The lords of Weißenberg have been proven to be fiefdoms since the 15th century. In 1573 an heir to Ernst Weißenberger still pays hereditary homage . Shortly thereafter, the Hofmark passed into the hands of Hans Jörg von Wildenstein , who then sold it to his brother-in-law, Hans Friedrich von Freudenberg . In 1602 he sent the Hofmark to the Bishop of Bamberg in favor of his brother-in-law, d. H. he canceled the previous fiefdom for himself. In 1705 David Thun von Thunberg is named as the successor to the Lords of Freudenberg. At the end of the 18th century, the barons of Grafenreuth have been handed down as owners. In 1809 the Hofmark is owned by Baron von Podevils zu Wildenreuth.

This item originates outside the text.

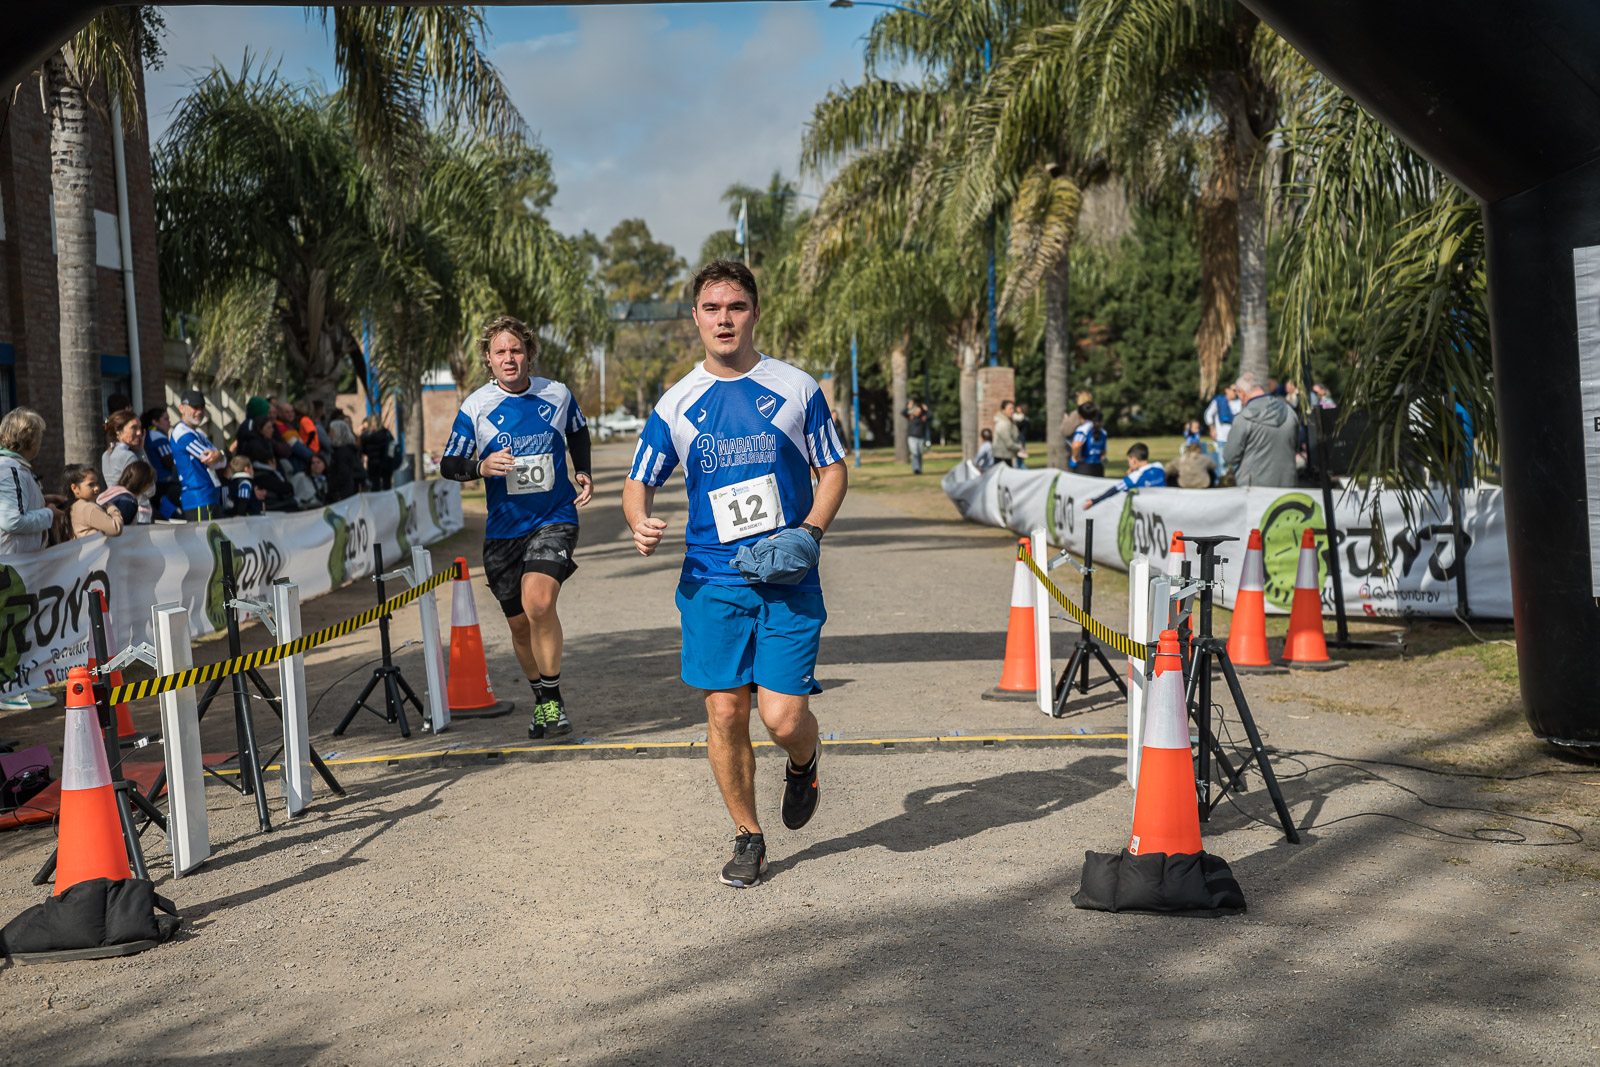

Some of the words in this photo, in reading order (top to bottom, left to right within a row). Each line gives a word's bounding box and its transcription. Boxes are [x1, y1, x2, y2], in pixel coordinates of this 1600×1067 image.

On June 30, 1818 Weißenberg is a municipality in the Sulzbach district court , which is incorporated into Edelsfeld on July 1, 1972.

Construction

The former castle is now a farm (Weißenberg 24). It is a two-storey, plastered solid building with a gable roof , the core of which is probably medieval. According to the Bavarian State Office for Monument Preservation , archaeological findings from the Middle Ages and early modern times have been secured in the area of ​​the former Hofmarkschloss Weißenberg, based on which it can be assumed that a medieval castle previously stood here.

literature

  • Stefan Helml: Castles and palaces in the Amberg-Sulzbach district . Druckhaus Oberpfalz, Amberg 1991, pp. 137–140.
  • Sixtus Lampl : Monuments in Bavaria - ensembles, architectural monuments, archaeological site monuments: Volume III. Upper Palatinate. Bavarian State Office for Monument Preservation (Ed.), Munich 1985.
  • Max Piendl: Duchy of Sulzbach, District Judge Sulzbach . (= Historical Atlas of Bavaria, Altbayern Series I, Issue 10). Commission for Bavarian State History. Verlag Michael Lassleben, Munich 1957, p. 70f.

Web links

Individual evidence

  1. send in the Early High German Dictionary, accessed on July 2, 2020.
  2. Picture of the building in the article Looking for the water veins Mittelbayerische Zeitung from August 14, 2015, accessed on July 4, 2020.
  3. Bavarian State Office for the Preservation of Monuments: Monuments of the community of Edelsfeld, monument number D-3-6436-0102, accessed on July 4, 2020.